Primary LanguageLuaGNU General Public License v2.0GPL-2.0

Excerpt creation from within mpv

The excerpt.lua script allows you to quickly create excerpts from media files, you just have to set begin and end markers.

(written by Lutz Vieweg)

Rationale / Use Case:

When you shoot video with your own camera, chances are you will want to retain only ~ 10% of your recordings for actual use in an edited, final cut.

Using video editors like kdenlive - see http://kdenlive.org/ - is great for assembling and post-processing your final cut, but it sucks when you try to use it with huge 3840 x 2160 x 24fps files that were recorded at 100 MBit/s - you'll want to reduce the amount of data you have to store and deal with to those parts of the raw video footage you really need.

Now mpv is a marvellous media player, and for me it is currently the only player that can replay 4k h.264 video files, as recorded by my Panasonic camera, with little CPU usage and no stuttering on my laptop.

Also, mpv is the only software that (by utilizing the h.264 decoder hardware well) can very quickly navigate through video files - the reaction to seek commands is almost instantaneous, much unlike with many pure software based editors.

For extracting the relevant excerpts from media files it seemed like an obvious idea to me to script mpv such that I can just set the "in" and "out" points for a file, then call "ffmpeg" as an external executable with the appropriate parameters to seek to the "in" position and copy the content to a new excerpt file until the "out" position. Without re-encoding, this process is very quick and does not loose any quality.

Prerequisites / Installation

In order to use excerpt.lua, you'll need to have the executables

  • mpv
  • ffmpeg

ready for execution in your $PATH.

(ffmpeg is probably already installed if you have mpv installed, as mpv makes use of the ffmpeg libraries.)

Copy the "excerpt_copy" shell script to some directory included in your $PATH. You might want to modify the excerpt_copy script if you want something else than simple, key-frame accurate extraction without re-encoding. If you want to change the names of the destination excerpt files, you have to chang the excerpt.lua script for now.

Usage:

First change your working directory to where you want your video excerpts to be written.

Then just start mpv like this:

mpv --lua /path/to/excerpt.lua -fs --script-opts=osc-layout=bottombar yourmediafile.mp4

Where "yourmediafile.mp4" is of course to be replaced by the file you actually want to extract from. You can also provide multiple file names, just press the "Return" key once you're done with a file.

The "-fs" and "--script-opts=osc-layout=bottombar" options are not strictly required, but IMHO the OSC interface is thus best suited for navigating through the files.

After start, the video replay will be paused at the begin.

Use the "left" or "right" cursor keys to seek to the previous/next frames, and "shift-left" or "shift-right" cursor key to seek to the previous/next keyframe. You can use the other usual mpv seek features, too, like the cursor up/down keys, the mouse wheel, the navigation bar for the mouse etc., and of course you can play/pause pressing the space bar - whatever you do, just seek to the position where you want your excerpt to begin.
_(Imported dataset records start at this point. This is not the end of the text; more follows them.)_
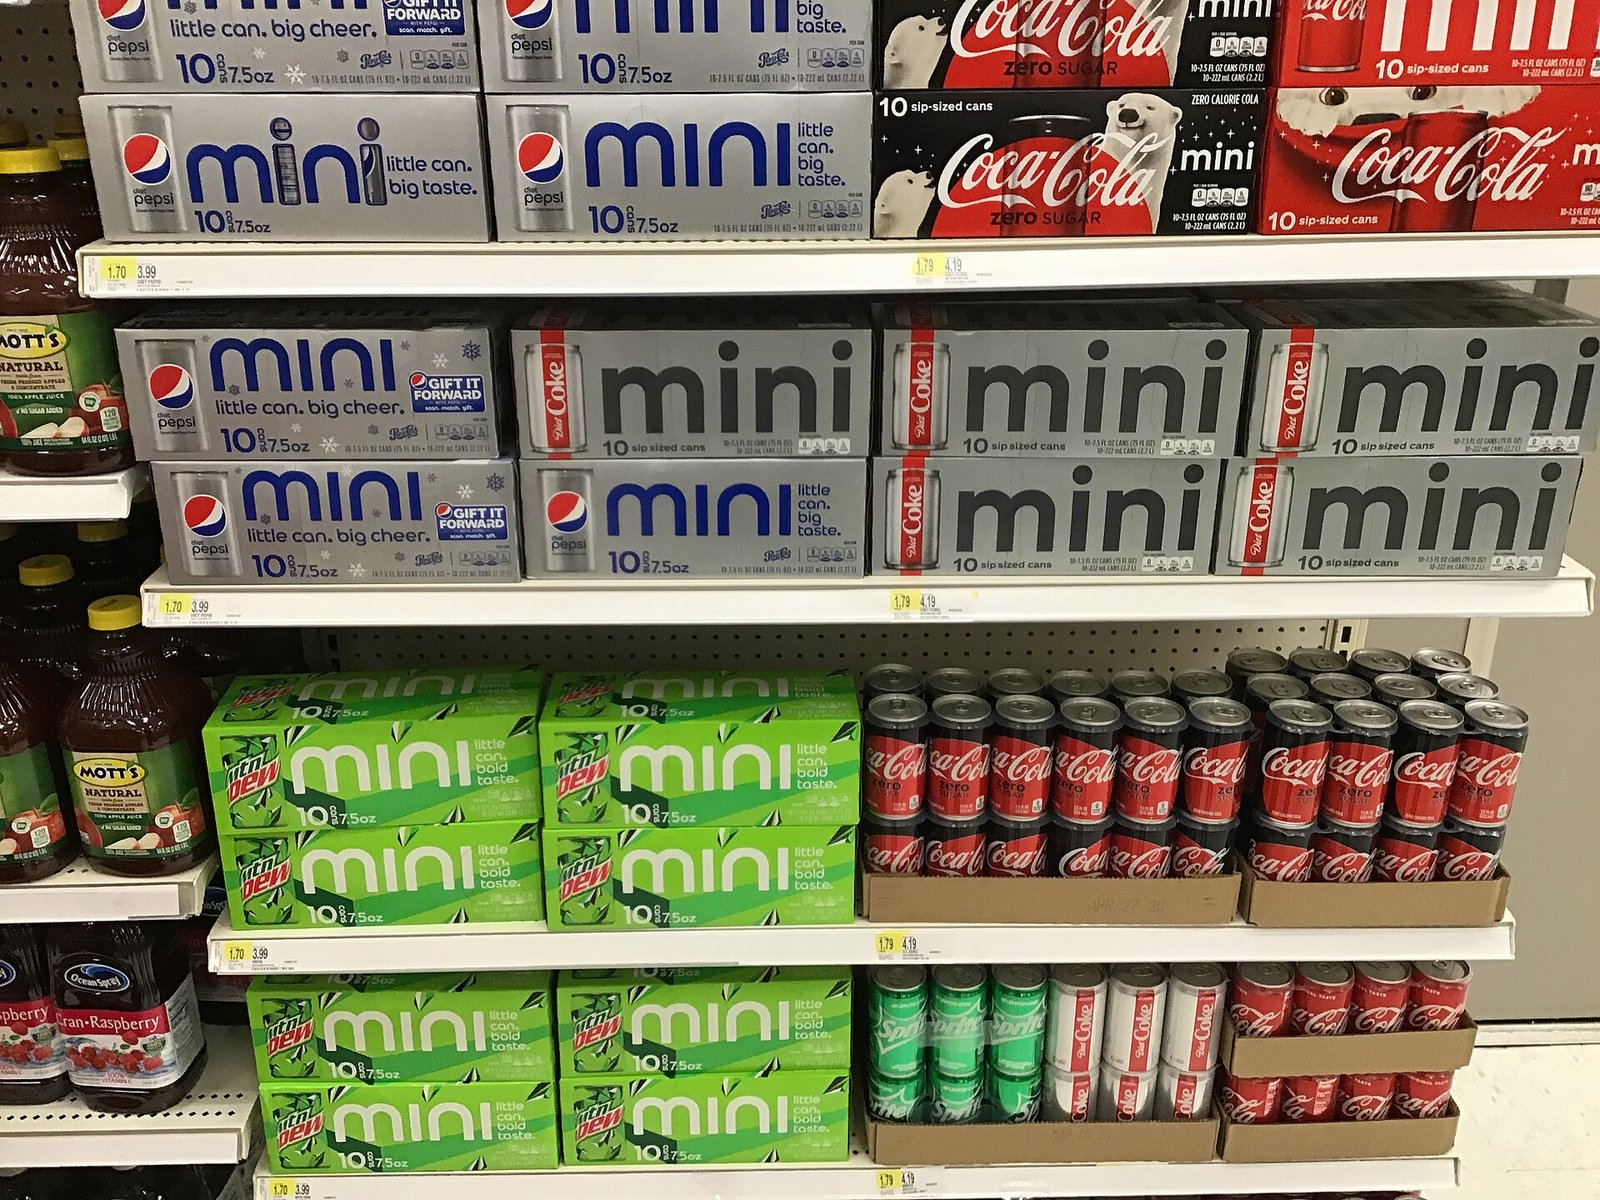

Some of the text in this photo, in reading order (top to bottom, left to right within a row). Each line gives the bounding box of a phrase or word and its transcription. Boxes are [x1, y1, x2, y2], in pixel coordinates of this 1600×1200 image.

[387, 8, 461, 20] FORWARD
[171, 19, 376, 42] little can. big cheer.
[797, 19, 846, 34] taste.
[108, 39, 149, 54] pepsi
[512, 38, 553, 53] pepsi
[176, 53, 215, 84] 10
[578, 53, 616, 84] 10
[1004, 61, 1118, 76] zero SUGAR
[1224, 64, 1237, 72] CANS
[1375, 58, 1489, 79] 10 sip-sized cans
[879, 98, 993, 117] 10 sip-sized cans
[1191, 94, 1258, 105] ZERO CALORIE COLA
[798, 122, 834, 138] little
[584, 121, 791, 187] mini
[1180, 140, 1255, 171] mini
[386, 156, 472, 172] little can.
[798, 156, 824, 174] big
[937, 133, 1176, 209] Coca-Cola
[1332, 127, 1568, 204] Coca-Cola
[798, 172, 846, 187] taste.
[389, 179, 478, 199] big taste.
[134, 192, 174, 207] pepsi
[524, 191, 564, 206] pepsi
[194, 210, 225, 233] 10
[588, 205, 625, 234] 10
[990, 211, 1101, 226] zero SUGAR
[1268, 212, 1378, 231] 10 sip-sized cans
[108, 266, 126, 278] 1.70
[138, 266, 156, 278] 3.99
[209, 338, 396, 392] mini
[546, 361, 565, 416] Coke
[602, 340, 853, 434] mini
[911, 359, 932, 413] Coke
[966, 339, 1227, 433] mini
[1283, 360, 1309, 415] Coke
[1337, 337, 1600, 432] mini
[414, 390, 481, 400] FORWARD
[216, 400, 405, 418] little big cheer.
[158, 416, 196, 429] pepsi
[603, 440, 629, 456] 10
[963, 438, 988, 453] 10
[1332, 438, 1358, 454] 10
[242, 470, 422, 522] mini
[798, 484, 831, 497] little
[606, 483, 792, 536] mini
[902, 484, 923, 535] Coke
[956, 464, 1205, 552] mini
[1249, 481, 1274, 533] Coke
[1302, 462, 1562, 550] mini
[440, 520, 504, 529] FORWARD
[798, 512, 822, 526] big
[247, 529, 430, 546] little big cheer.
[953, 558, 978, 572] 10
[1298, 555, 1323, 570] 10
[165, 601, 182, 613] 1.70
[192, 601, 209, 613] 3.99
[895, 596, 910, 608] 1.79
[920, 596, 935, 608] 4.19
[80, 766, 138, 779] MOTT'S
[290, 741, 471, 795] mini
[619, 744, 791, 792] mini
[85, 788, 141, 797] NATURAL
[939, 780, 969, 791] zero
[301, 846, 475, 895] mini
[621, 847, 789, 894] mini
[879, 938, 893, 949] 1.79
[902, 938, 917, 949] 4.19
[229, 949, 244, 959] 1.70
[252, 948, 268, 959] 3.99
[71, 973, 121, 988] Ocean Spray
[631, 1001, 790, 1045] mini
[1075, 1003, 1093, 1041] Coke
[1134, 1003, 1152, 1041] Coke
[1194, 1003, 1213, 1041] Coke
[323, 1011, 486, 1052] mini
[334, 1102, 493, 1143] mini
[633, 1095, 788, 1136] mini
[880, 1174, 893, 1186] 1.79
[901, 1172, 915, 1185] 4.19
[274, 1185, 287, 1195] 1.70
[296, 1185, 309, 1194] 3.99
You can use the "w" and "e" keys to zoom out and in, pressing Ctrl and left/right/up/down allows to pan around in the zoomed display.

Then press the "i" key to mark the begin (or "in"-position) of the excerpt.
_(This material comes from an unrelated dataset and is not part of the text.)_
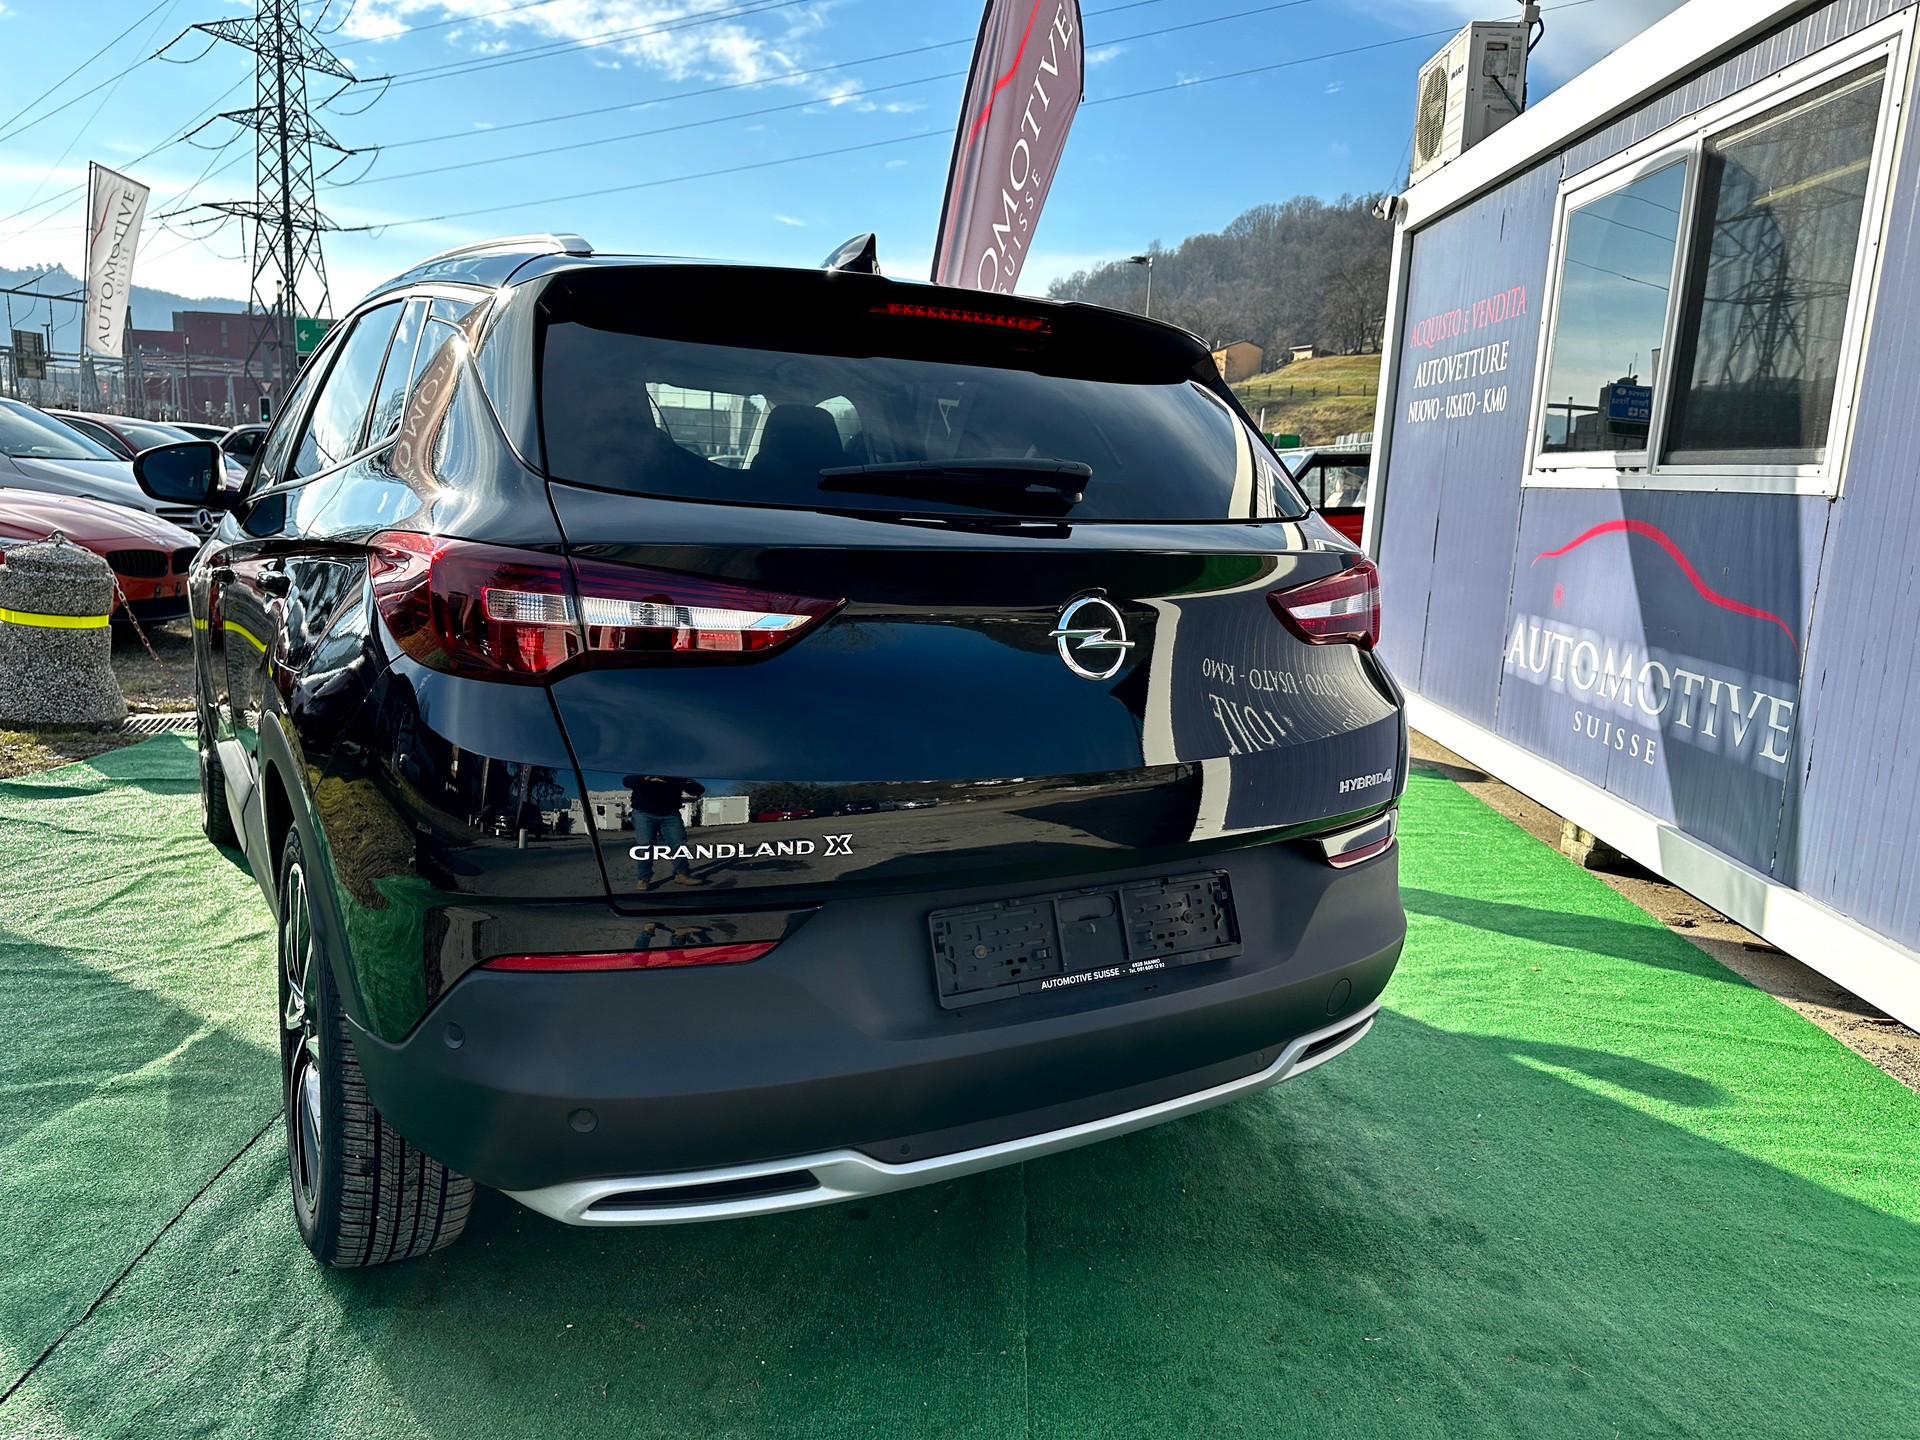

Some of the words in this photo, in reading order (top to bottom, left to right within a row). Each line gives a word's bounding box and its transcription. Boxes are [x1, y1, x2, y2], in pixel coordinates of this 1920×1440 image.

Then seek to the position where you want your excerpt to end, and press the "o" key to mark the end (or "out"-position) of the excerpt.
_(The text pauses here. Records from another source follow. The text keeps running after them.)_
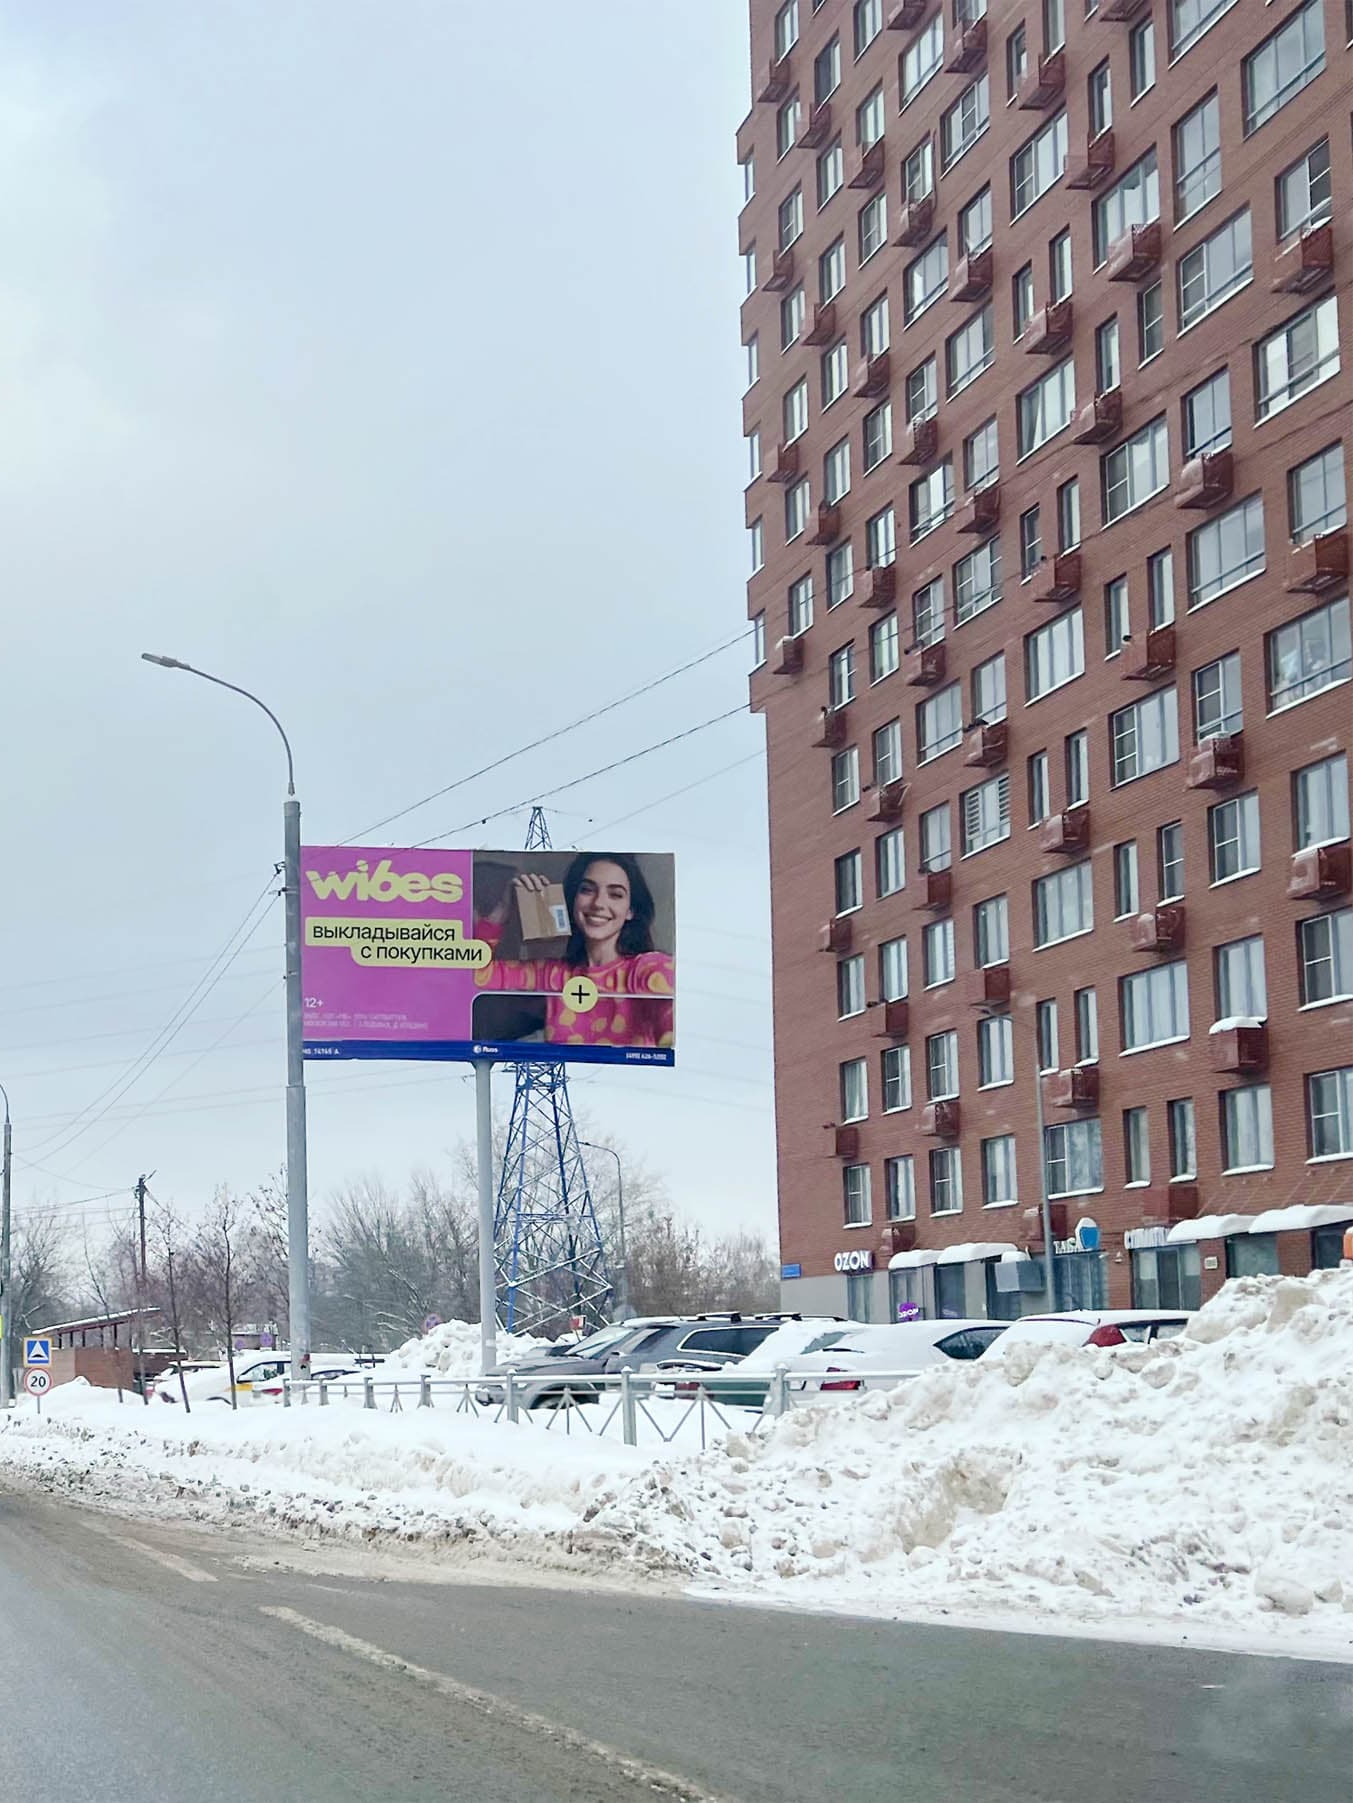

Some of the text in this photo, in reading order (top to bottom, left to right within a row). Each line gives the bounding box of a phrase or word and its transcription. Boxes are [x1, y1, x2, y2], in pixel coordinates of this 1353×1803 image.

[306, 860, 463, 903] wibes
[313, 923, 456, 943] выкладывайся
[361, 945, 482, 964] с покупками
[304, 997, 324, 1008] 12+
[834, 1250, 870, 1271] OZON
[30, 1375, 46, 1388] 20
You can also seek to the begin or end marks you already set by pressing shift-i and shift-o.

If you are not satisfied with your begin / end choice, you can press "i" and "o" again to move the marks to the current position.

Once To actually write the excerpt, press "x". The excerpt.lua script will create a filename that does not yet exist in your current working directory, files will be named "excerpt_000.mkv", "excerpt_001.mkv" etc. by default, and no existing files will be overwritten.

The actual extraction work is done by invoking the "extract_copy" shell script, which is given the source file name and the "in" and "out" position as parameters. The supplied extract_copy script will use ffmpeg to create the extract, by default without any re-encoding, and therefore only pricise to the keyframe. If you want frame-exact extraction, you will have to tell ffmpeg to re-encode your media file, which of course takes much longer, and might also lower the quality. So if you plan on post-processing the excerpts in another software (like kdenlive) anyway, don't bother with frame-exact extraction and fine tune the in/out positions using the post-processing software.

DISCLAIMER

This software is provided as-is, without any warranties.

Please notice that it is in an early stage at the moment, there is probably a lot that can be enhanced.